Compliance code cracker –frequent batch auctions and post-Brexit divergence

Post-Brexit, the Financial Conduct Authority (FCA) and the European Securities and Markets Authority (ESMA) appear to be diverging in their views on the operation of frequent batch auctions (FBAs) within the MiFIR/MiFID II equity markets pre-trade transparency regime. ESMA takes the view that certain aspects of the functioning of such auctions should require them to operate under a pre-trade transparency waiver but the FCA has no plans to change the operation of the current regime.

Users of such auctions favour FBAs because they limit the influence of high frequency trading and contribute to a better trading environment. They may therefore favour FCA-regulated venues, if this divergence of approach manifests in future regulatory tightening in the EU. This is particularly the case in the context of the double volume cap mechanism.

ESMA has expressed concerns that, as in the case of broker crossing networks, frequent batch auctions are being used to avoid the double volume cap mechanism (DVC). In its MiFID II/ MiFIR review report on the equity transparency regime ESMA affirmed its intention to separate the descriptions of conventional periodic auctions and FBAs, and to develop a tailored definition for FBAs.

Conversely, in its paper on periodic auctions, the FCA said the terms "frequent batch auction" and "periodic auction" were interchangeable. In its recent paper on dark trading bans, however, it concluded that reductions in transaction costs occurred from trading in alternative venues — such as periodic auctions — when dark trading was banned.

ESMA has issued a call for evidence, final report and opinion on FBAs in the context of the DVC. The MiFID ll/ MiFIR review report, as noted above, also addressed the issue. ESMA has also recognised that FBAs started to gain market share after the DVC ban. In terms of regulatory requirements, ESMA said that most FBAs applied the pre-trade transparency requirements for ostensibly "lit" periodic auction trading systems located in Annex 1 of MiFIR RTS 1, rather than a dark pool waiver.
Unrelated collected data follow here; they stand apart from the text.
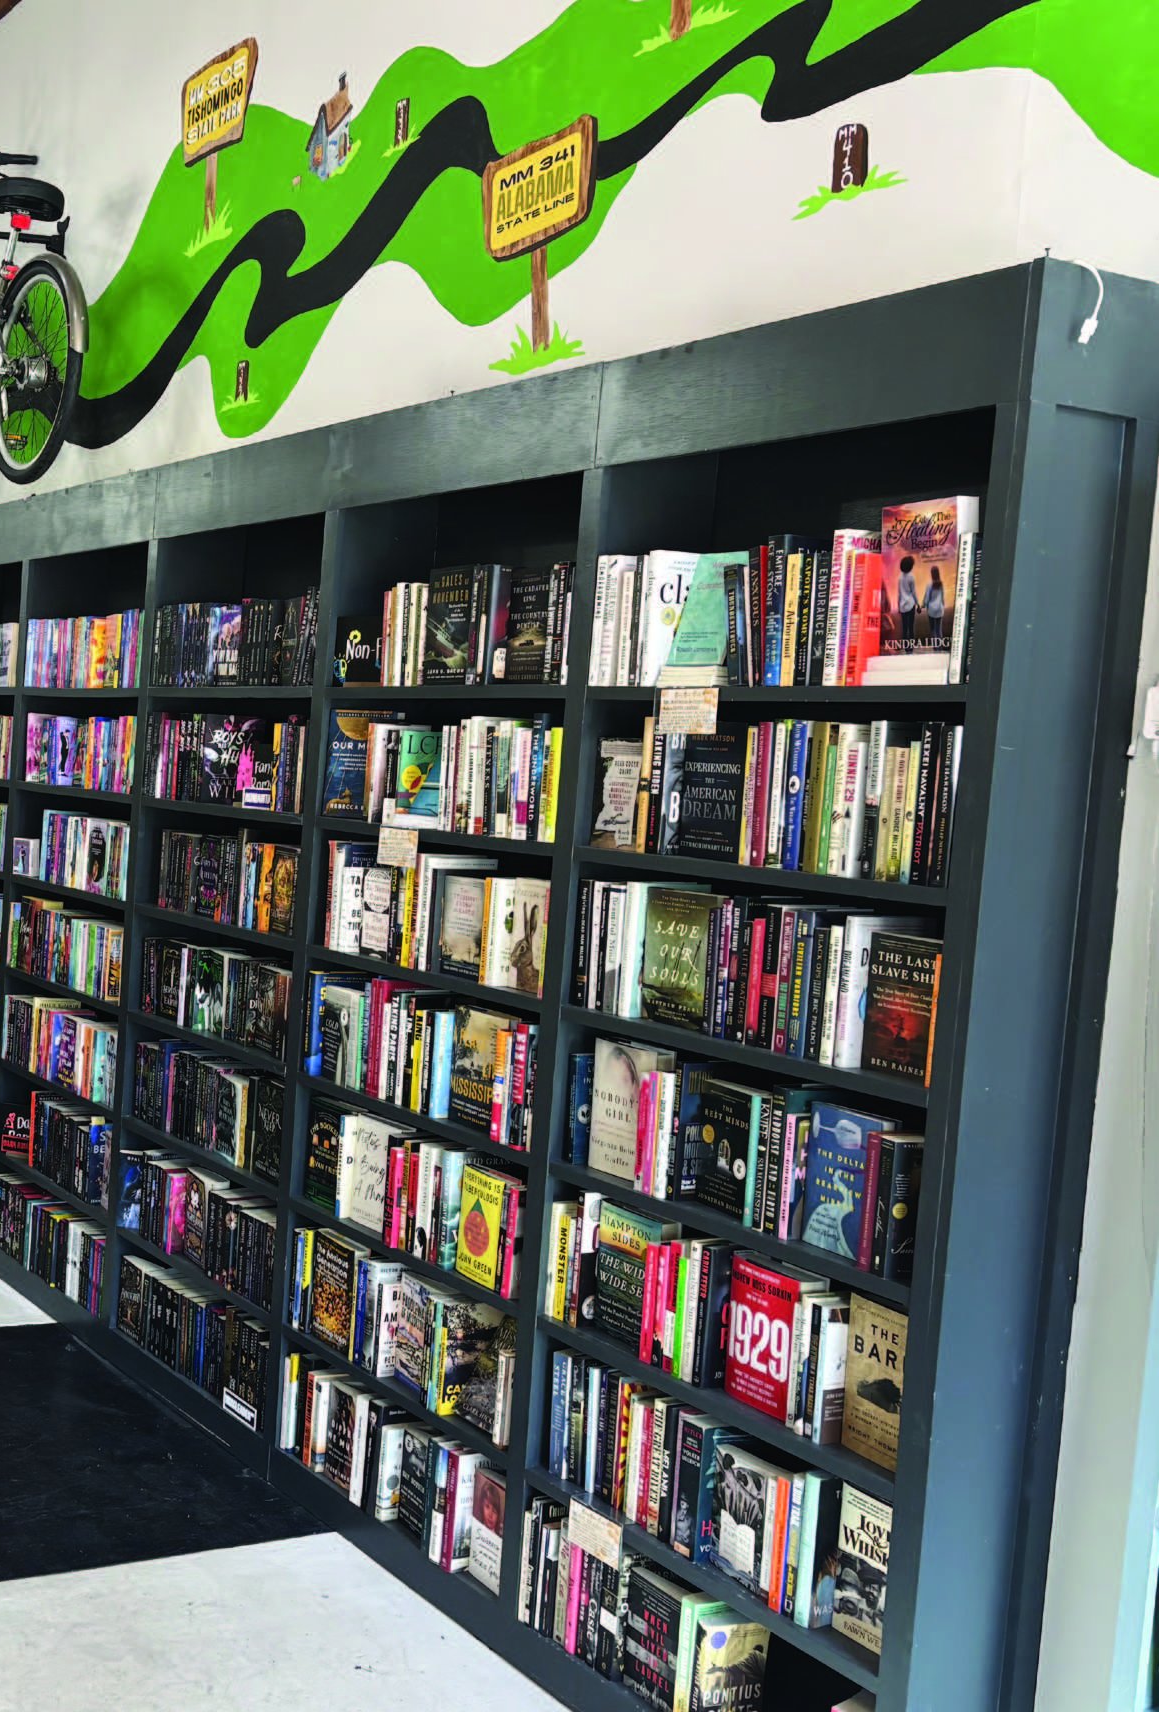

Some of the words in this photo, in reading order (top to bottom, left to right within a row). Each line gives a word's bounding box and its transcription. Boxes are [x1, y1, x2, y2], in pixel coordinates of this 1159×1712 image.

[187, 78, 244, 128] TISHOMINGO
[499, 164, 533, 191] MM
[538, 144, 576, 173] 341
[495, 160, 575, 223] ALABAMA
[495, 206, 541, 235] STATE
[543, 192, 576, 216] LINE
[911, 538, 938, 552] Begin
[774, 549, 784, 587] EMPIRE
[803, 557, 813, 605] CAPOTE'S
[829, 534, 844, 601] MONEYBALL
[751, 569, 760, 627] ANXIOUS
[766, 571, 774, 606] STONE
[814, 568, 828, 636] ENDURANCE
[800, 607, 810, 643] WOMEN
[826, 605, 839, 643] MICHAEL
[824, 643, 836, 669] LEWIS
[884, 639, 922, 650] KINDRA
[332, 741, 356, 751] OUR
[484, 732, 492, 789] WITNESS
[922, 730, 932, 767] ALEXEI
[944, 731, 954, 766] GEORGE
[684, 761, 741, 776] EXPERIENCING
[846, 748, 859, 786] TUNNEL
[528, 755, 538, 821] UNDERWORLD
[651, 770, 660, 795] BIDEN
[683, 784, 737, 801] AMERICAN
[844, 788, 855, 803] 29
[917, 769, 928, 817] NAVALNY
[941, 767, 950, 814] HARRISON
[682, 800, 737, 822] DREAM
[913, 821, 924, 865] PATRIOT
[653, 920, 700, 939] SAVE
[782, 925, 790, 951] WILLIAM
[658, 943, 698, 972] OUR
[795, 942, 804, 976] CIVILIAN
[816, 934, 824, 960] BLACK
[877, 950, 903, 965] THE
[906, 955, 938, 970] LAST
[649, 965, 700, 987] SOULS
[840, 949, 852, 993] DREAMLAND
[871, 964, 909, 981] SLAVE
[912, 971, 935, 985] SHI
[738, 981, 746, 1025] MATCHES
[792, 979, 801, 1017] WARRIORS
[390, 996, 399, 1032] TAKING
[415, 1015, 423, 1041] KING
[810, 1015, 818, 1045] PRADO
[388, 1033, 398, 1062] PARIS
[871, 1057, 888, 1068] BEN
[891, 1061, 925, 1077] RAINES
[604, 1106, 632, 1125] GIRL
[704, 1108, 724, 1120] BEST
[725, 1113, 750, 1130] MINDS
[760, 1103, 770, 1140] KNIFE
[771, 1109, 782, 1155] MADHOUSE
[768, 1164, 778, 1182] END
[817, 1148, 833, 1160] THE
[837, 1154, 865, 1170] DELTA
[824, 1165, 834, 1175] IN
[839, 1169, 855, 1182] THE
[493, 1183, 502, 1194] IS
[384, 1196, 394, 1229] FEAR
[766, 1190, 776, 1218] EARTH
[602, 1212, 653, 1243] HAMPTON
[611, 1229, 642, 1252] SIDES
[472, 1257, 492, 1277] GREEN
[556, 1226, 568, 1284] MONSTER
[599, 1251, 623, 1272] THE
[622, 1258, 646, 1281] WID
[702, 1250, 710, 1274] CABIN
[598, 1270, 627, 1291] WIDE
[699, 1275, 708, 1299] FEVER
[752, 1278, 766, 1294] ROSS
[767, 1281, 792, 1302] SORKIN
[728, 1300, 790, 1384] 1929
[870, 1323, 900, 1346] THE
[854, 1333, 898, 1371] BAR
[607, 1407, 616, 1449] RESTLESS
[655, 1408, 663, 1430] THE
[651, 1432, 662, 1465] GREAT
[649, 1466, 659, 1504] RIVER
[660, 1449, 670, 1498] MELANIA
[587, 1599, 598, 1641] Caste
[643, 1608, 668, 1635] WHEN
[843, 1621, 866, 1641] FAWN
[635, 1659, 670, 1694] LAUREL
[702, 1683, 762, 1708] PONTIUS
RTS 1 provides (somewhat tautologically) that a periodic auction trading system is a system that matches orders on the basis of a periodic auction and a trading algorithm operated without human intervention. The information to be made public is specified to be the price at which the auction trading system would best satisfy its trading algorithm and the volume that would potentially be executable at that price.

Central limit order books

Proponents of FBAs maintain that they address flaws in the continuous limit order book (CLOB). The FCA, in its paper on periodic auctions, explained that the main difference between periodic auctions and CLOBs, the most common format for share trading, is that that CLOBs are continuous. This means that if a trading firm sends a buy order to a CLOB and there is a matching sell order resting on the order book, the trade will execute instantly in accordance with the time at which the order is received. In a periodic auction, the firm has to wait until the end of the call period. Given the speed of modern share trading, however, that wait may be only 100 milliseconds.
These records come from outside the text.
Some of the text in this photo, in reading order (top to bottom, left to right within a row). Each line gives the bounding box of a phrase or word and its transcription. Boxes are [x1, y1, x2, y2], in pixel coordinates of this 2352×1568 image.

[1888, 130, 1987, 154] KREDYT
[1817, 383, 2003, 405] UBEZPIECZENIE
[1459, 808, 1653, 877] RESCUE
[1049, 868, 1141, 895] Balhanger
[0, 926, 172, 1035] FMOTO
The flaws in CLOB systems are characterised thus: "In a CLOB, if a firm's order arrives after that of another market participant, even by only one nanosecond, then that other order will be ahead in the queue. This can result in the later trade not being executed, or getting a worse price. In periodic auctions, these tiny time differences matter much less. This means that market participants who do not have access to superfast trading technology (for example, servers located in the same building as those of the exchange operator, direct fibre optic or microwave connections between different trading locations) are less at risk of losing out to those who do."

Frequent batch auctions and conventional auction systems

ESMA defines FBAs as systems of a very short duration taking place at certain points in time during the course of the trading day which are triggered by the market participants. It says that orders are aggregated before and during the auction call without leading to a trade and — at a specific point in time — they are matched and executed at a single price. In ESMA's view, Annex I of RTS 1 is a measure from the MiFID l era and did not address regulatory issues raised by the operation of FBAs. ESMA contrasts FBAs with "conventional auction systems" or "opening and closing auctions" addressed in RTS 1.

These do contribute to the price-forming process because the orders are aggregated before and during the auction call without leading to a trade and — at a specified point in time — buy and sell orders are matched and executed at a single equilibrium price. As noted above, the FCA's view is that "frequent batch auction" and "periodic auction" are interchangeable terms.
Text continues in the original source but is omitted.